*** Data to process Section Begins ***
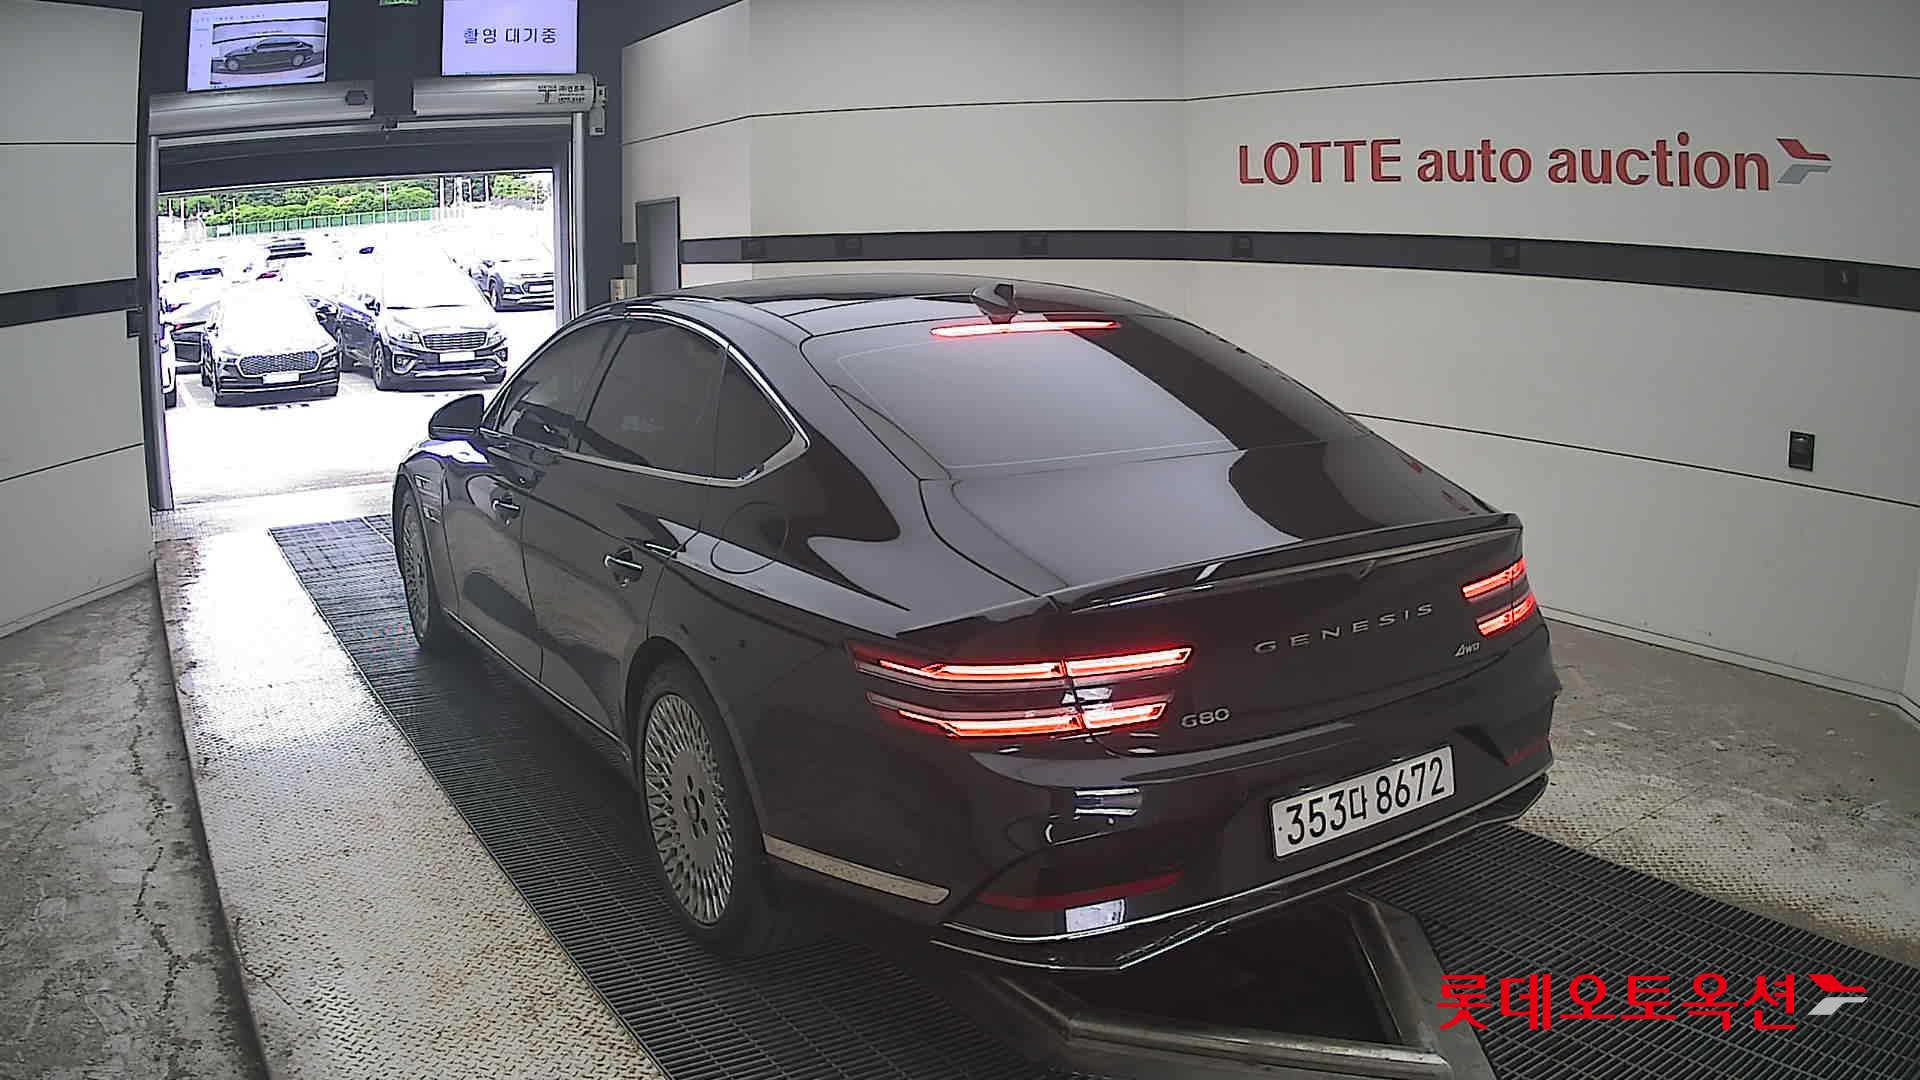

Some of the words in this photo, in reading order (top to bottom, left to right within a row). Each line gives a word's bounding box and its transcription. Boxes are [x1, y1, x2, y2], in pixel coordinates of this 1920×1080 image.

[505, 27, 557, 44] 대기중
[1238, 138, 1402, 185] LOTTE
[1417, 139, 1532, 184] auto
[1547, 131, 1769, 191] auction
[1255, 604, 1432, 653] GENESIS
[1181, 708, 1230, 728] G80
[1286, 784, 1368, 845] 353다
[1375, 756, 1445, 815] 8672
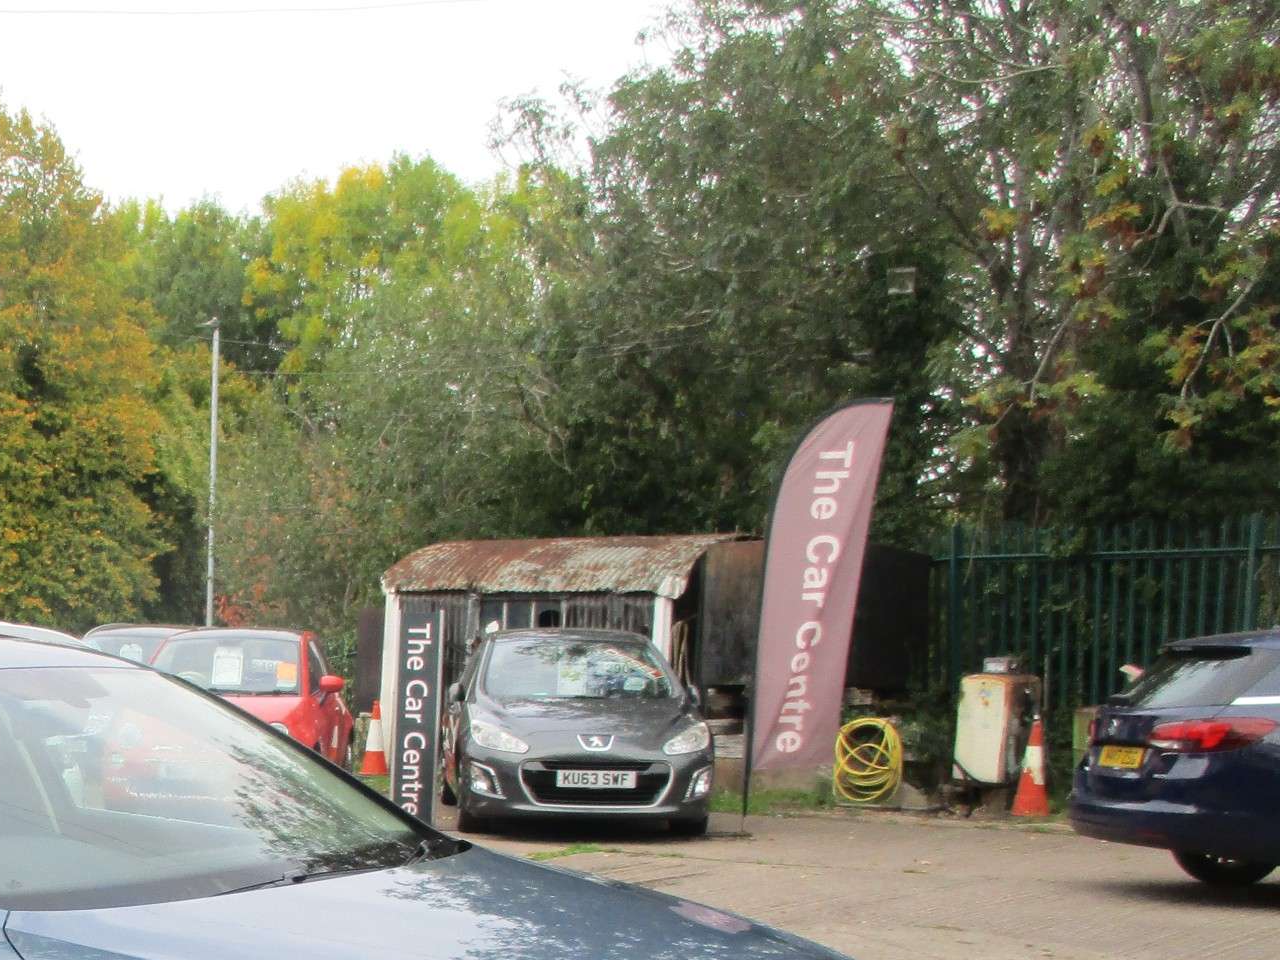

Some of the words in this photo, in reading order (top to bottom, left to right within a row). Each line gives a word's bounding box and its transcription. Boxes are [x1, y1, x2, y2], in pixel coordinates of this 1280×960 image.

[810, 441, 854, 521] The
[801, 535, 841, 610] Car
[406, 622, 432, 671] The
[405, 679, 428, 723] Car
[775, 620, 823, 754] Centre
[401, 732, 426, 817] Centre
[562, 772, 599, 785] KU63
*** Data to process Section Ends ***
Task directions >>
Exact duplicates of all the entries are required, and no image may appear in them.

Solution to this exercise >>
Some of the words in this photo, in reading order (top to bottom, left to right within a row). Each line gives a word's bounding box and its transcription. Boxes are [x1, y1, x2, y2], in pixel coordinates of this 1920×1080 image.

[505, 27, 557, 44] 대기중
[1238, 138, 1402, 185] LOTTE
[1417, 139, 1532, 184] auto
[1547, 131, 1769, 191] auction
[1255, 604, 1432, 653] GENESIS
[1181, 708, 1230, 728] G80
[1286, 784, 1368, 845] 353다
[1375, 756, 1445, 815] 8672

Some of the words in this photo, in reading order (top to bottom, left to right within a row). Each line gives a word's bounding box and its transcription. Boxes are [x1, y1, x2, y2], in pixel coordinates of this 1280×960 image.

[810, 441, 854, 521] The
[801, 535, 841, 610] Car
[406, 622, 432, 671] The
[405, 679, 428, 723] Car
[775, 620, 823, 754] Centre
[401, 732, 426, 817] Centre
[562, 772, 599, 785] KU63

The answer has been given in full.